The arguments against the common view of the nature of the gift of tongues, (apart from the exegetical difficulties with which it is thought to be encumbered,) are not such as to make much impression upon minds accustomed to reverence the Scriptures.
The passage referred to, therefore, must be understood in consistency with the other passages referring to the same subject. Though there are difficulties attending any view of the gift in question, arising from our ignorance, those connected with the common interpretation are incomparably less than those which beset any of the modern conjectures.

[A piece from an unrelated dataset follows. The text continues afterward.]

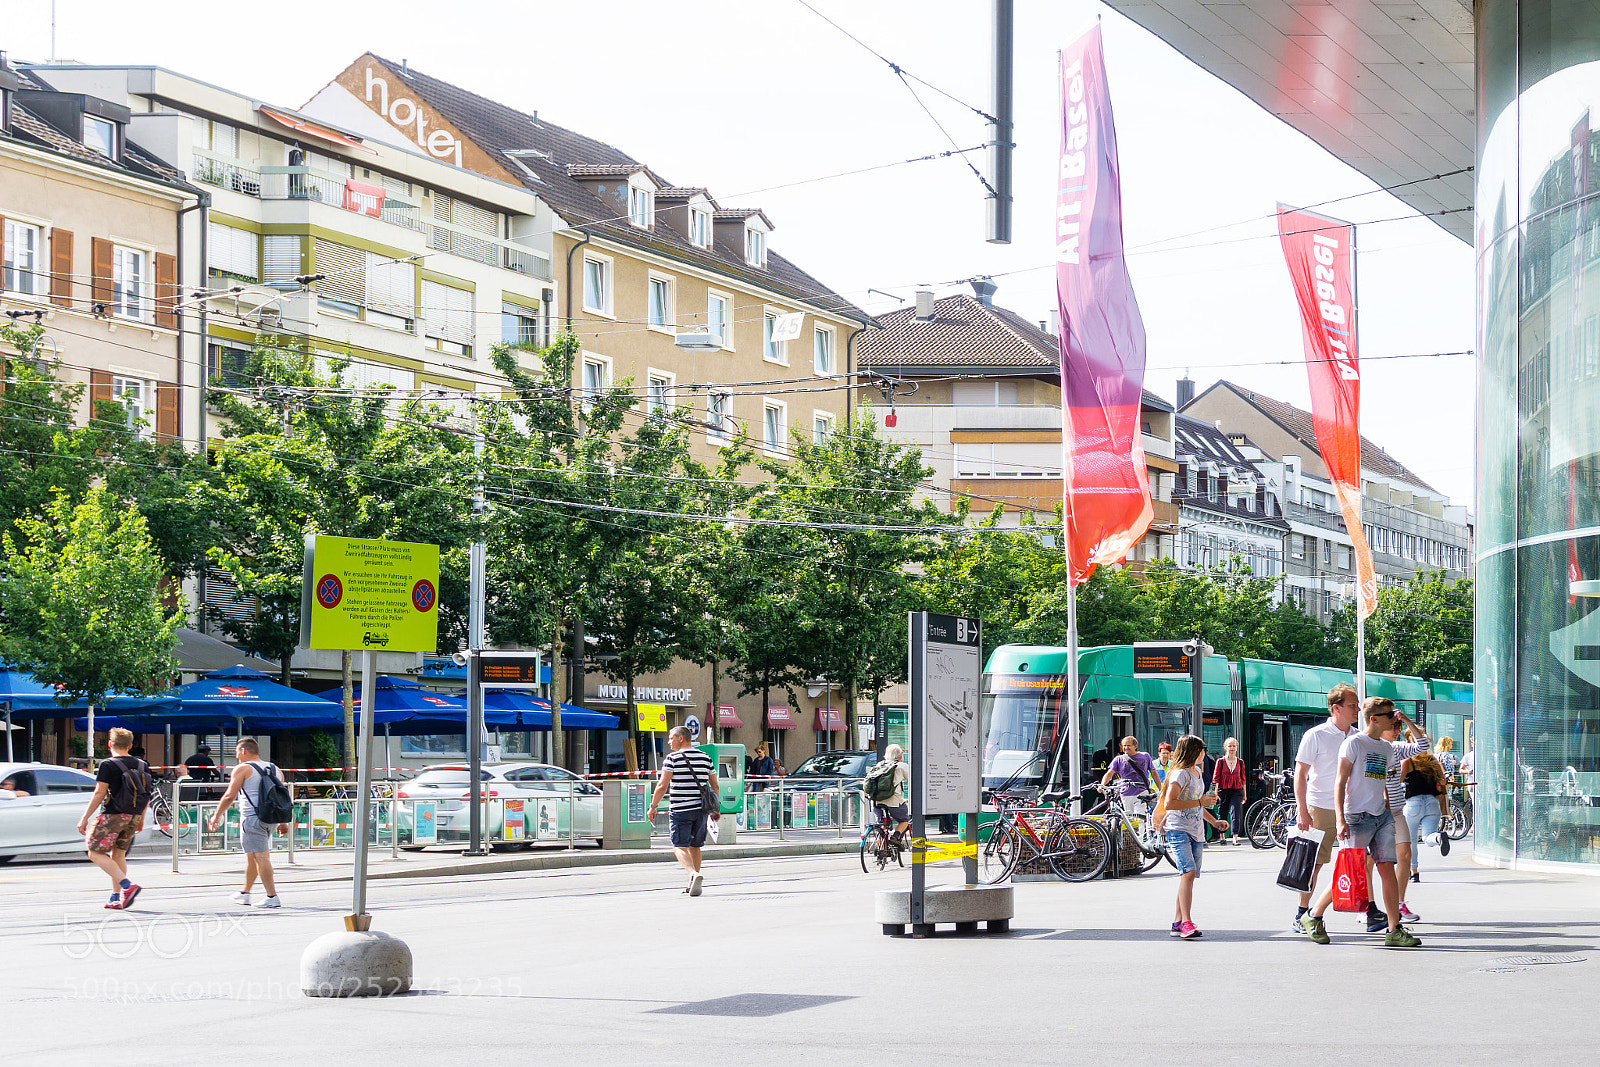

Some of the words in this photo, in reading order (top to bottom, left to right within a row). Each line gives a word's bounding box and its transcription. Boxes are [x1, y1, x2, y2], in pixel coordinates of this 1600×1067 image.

Charles Hodge, (1797-1878), was a leading American theologian of the nineteenth century. Born in Philadelphia, son of an army surgeon, he was educated at Princeton, graduating from the college in 1815 and from the seminary in 1819. His theological studies under Archibald Alexander determined his life-work. He became an instructor at Princeton Seminary in 1820, and remained there for the rest of his life, except for two years’ study in France and Germany (1826-28). He was professor of oriental and biblical literature (1822-40), then professor of theology. His own theology was mainly that of the Westminster Confession with obvious traces of scholastic Calvinism, notably from Turretine. His thought was governed by a high view of verbal inspiration and infallibility. While orthodox Calvinism was declining in American thought generally, and the evolutionary idea was beginning to exert unusual power, Hodge unswervingly defended a super-naturally inspired Bible and thereby placed his stamp upon what came to be called “Princeton theology.” This had a powerful influence, not only in his own Old School Presbyterian circles, but in other churches as well.
His writings carried his influence beyond the 3,000 students he taught during a half-century. He started the Biblical Repertory in 1825 (later called the Biblical Repertory and Theological Review, and after 1836 the Biblical Repertory and Princeton Review) and edited it for more than forty years. His first book, A Commentary on the Epistle to the Romans (1835; 19th ed., 1880), established his scholarship. Among his later works none exerted greater influence than his Systematic Theology (3 vols., 1872-73).
He also held a commanding position in the Presbyterian Church. He was moderator of the general assembly (Old School) in 1846, and a prominent member of the missionary and educational boards. In the controversy of 1837 he opposed the New School views of doctrine and polity. When division came, he supported it.